Prompt: Return all of the following entries as written, but without the images.

Extracted entries:
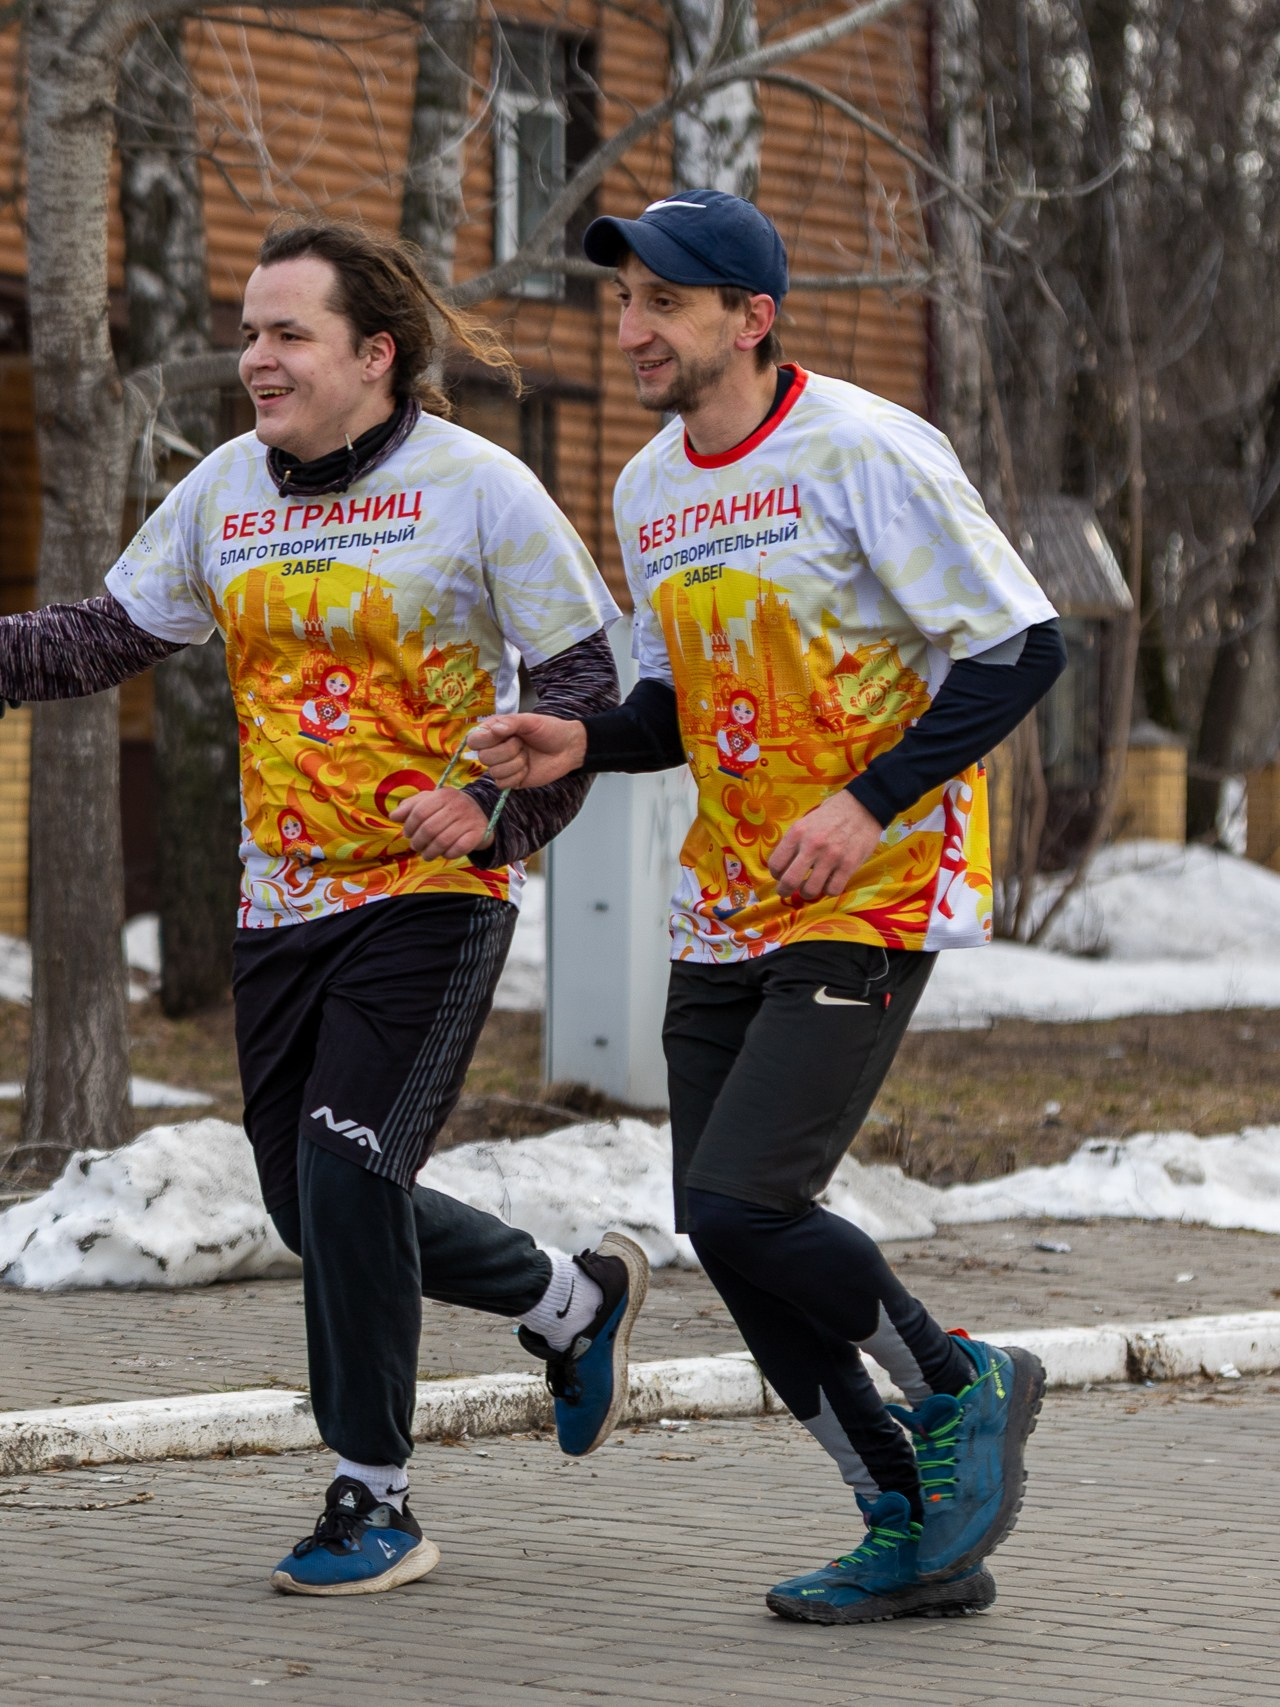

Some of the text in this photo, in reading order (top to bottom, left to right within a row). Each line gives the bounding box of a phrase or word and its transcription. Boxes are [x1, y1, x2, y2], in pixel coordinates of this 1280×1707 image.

[222, 491, 422, 541] БЕЗ ГРАНИЦ
[639, 484, 802, 554] БЕЗ ГРАНИЦ
[220, 524, 417, 566] БЛАГОТВОРИТЕЛЬНЫЙ
[281, 556, 337, 577] ЗАБЕГ
[645, 522, 799, 579] ЛАГОТВОРИТЕЛЬНЫЙ
[684, 562, 726, 588] ЗАБЕГ
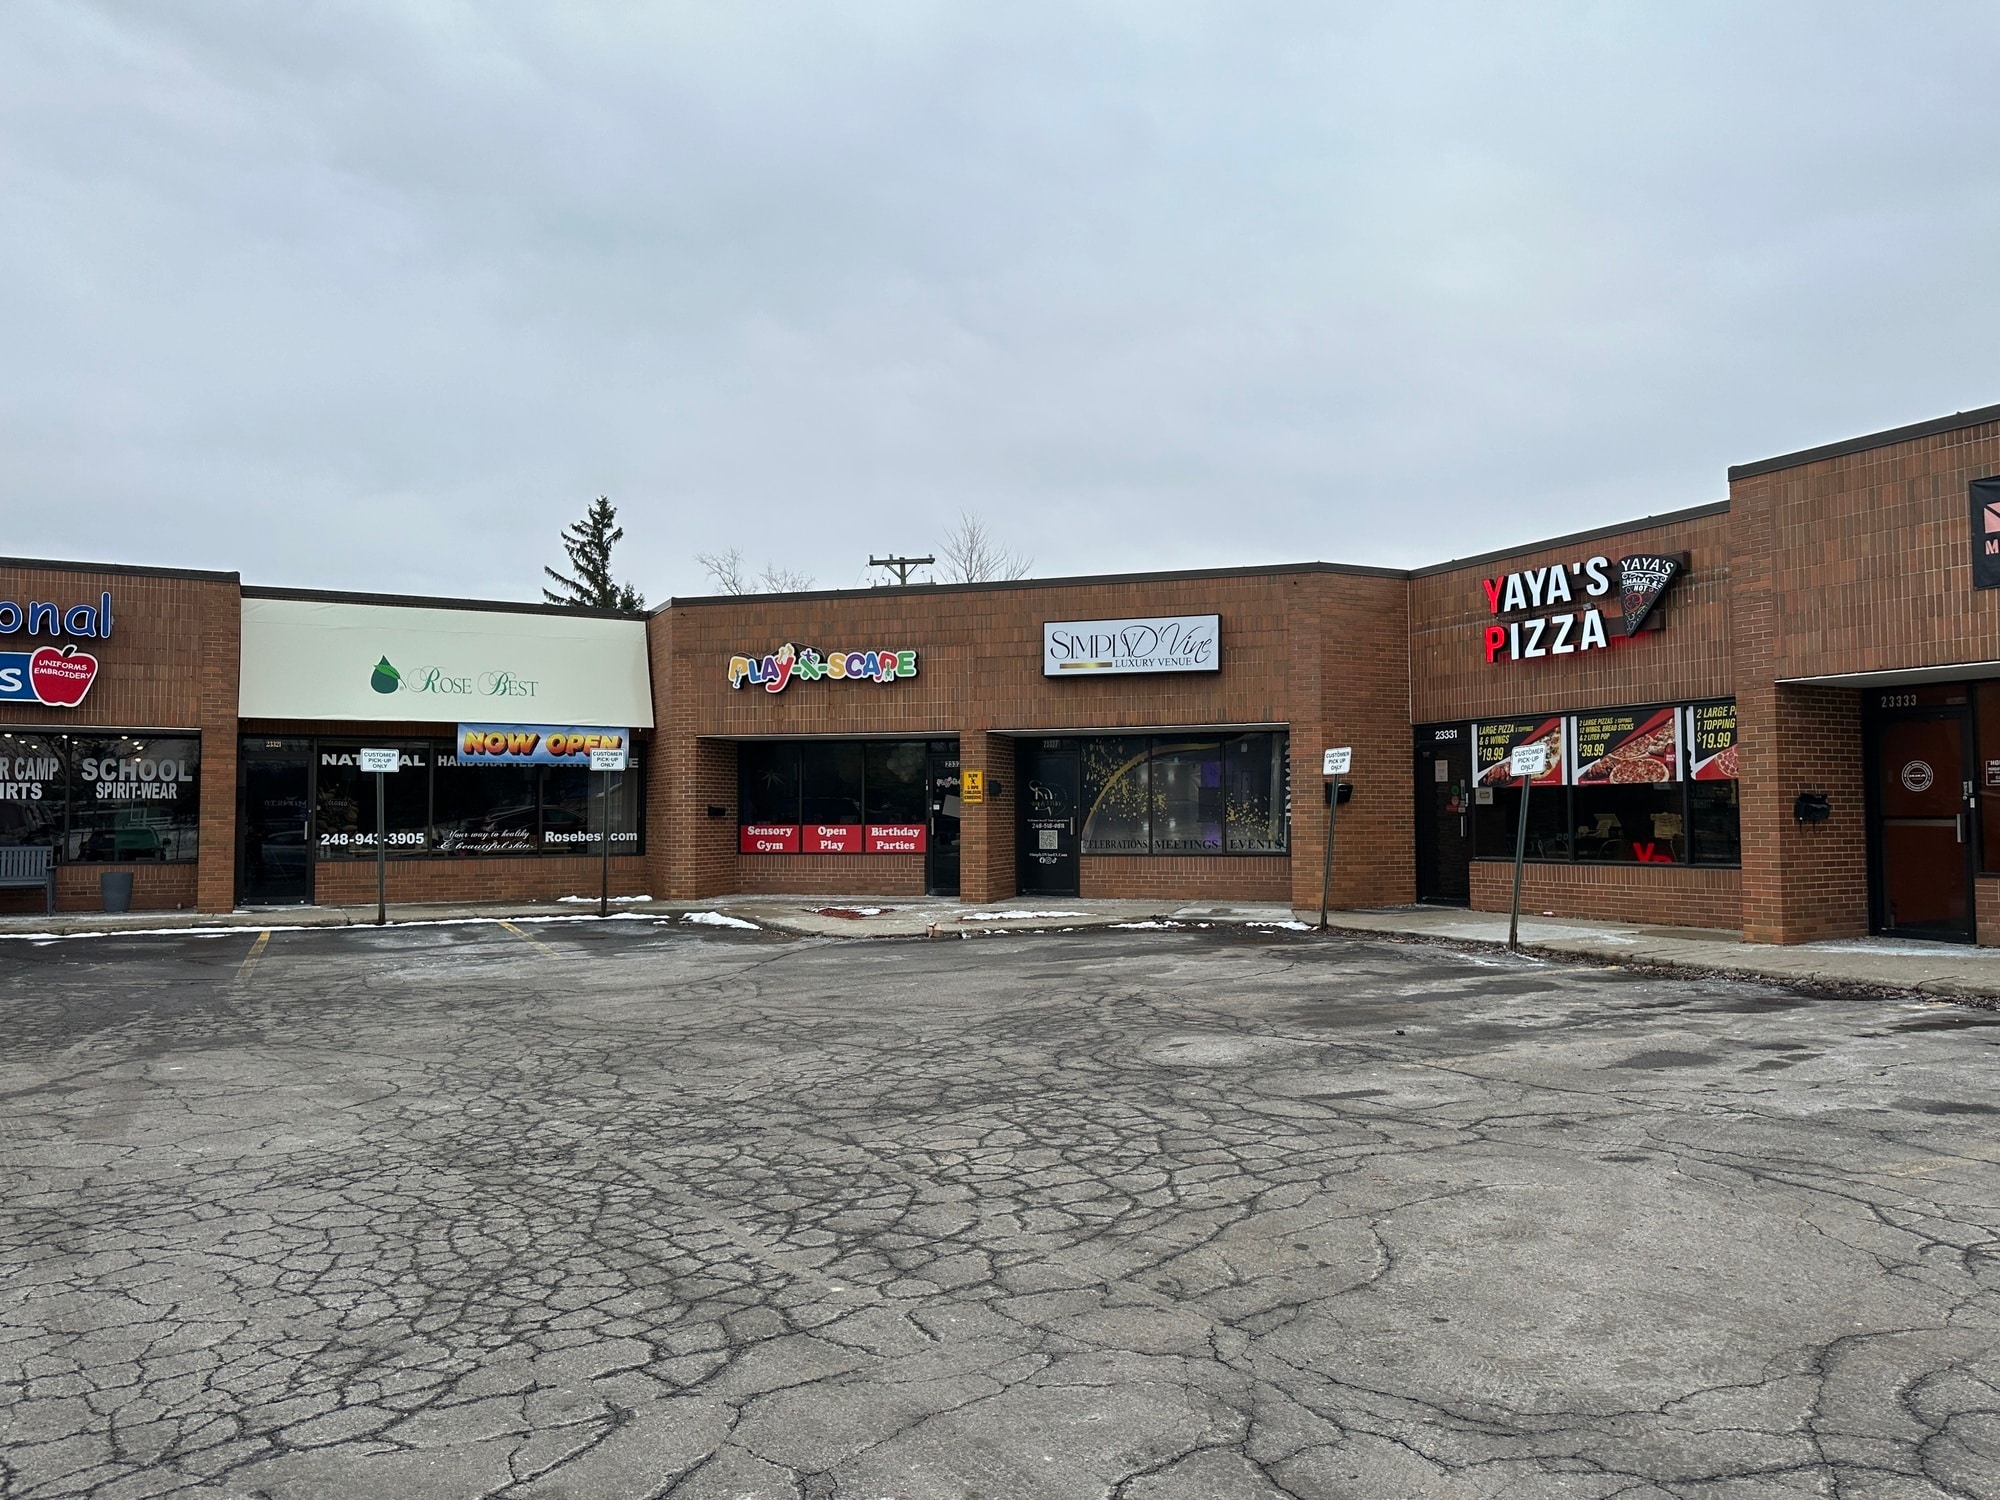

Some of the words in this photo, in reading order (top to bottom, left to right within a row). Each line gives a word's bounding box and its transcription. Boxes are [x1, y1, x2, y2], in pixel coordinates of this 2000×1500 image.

Solution for this problem:
Some of the text in this photo, in reading order (top to bottom, left to right within a row). Each line gives the bounding box of a phrase or word and its transcription. Boxes are [x1, y1, x2, y2], in pixel coordinates of this 1280×1707 image.

[222, 491, 422, 541] БЕЗ ГРАНИЦ
[639, 484, 802, 554] БЕЗ ГРАНИЦ
[220, 524, 417, 566] БЛАГОТВОРИТЕЛЬНЫЙ
[281, 556, 337, 577] ЗАБЕГ
[645, 522, 799, 579] ЛАГОТВОРИТЕЛЬНЫЙ
[684, 562, 726, 588] ЗАБЕГ

Some of the words in this photo, in reading order (top to bottom, left to right within a row). Each line gives a word's bounding box and its transcription. Boxes are [x1, y1, x2, y2], in pixel coordinates of this 2000×1500 image.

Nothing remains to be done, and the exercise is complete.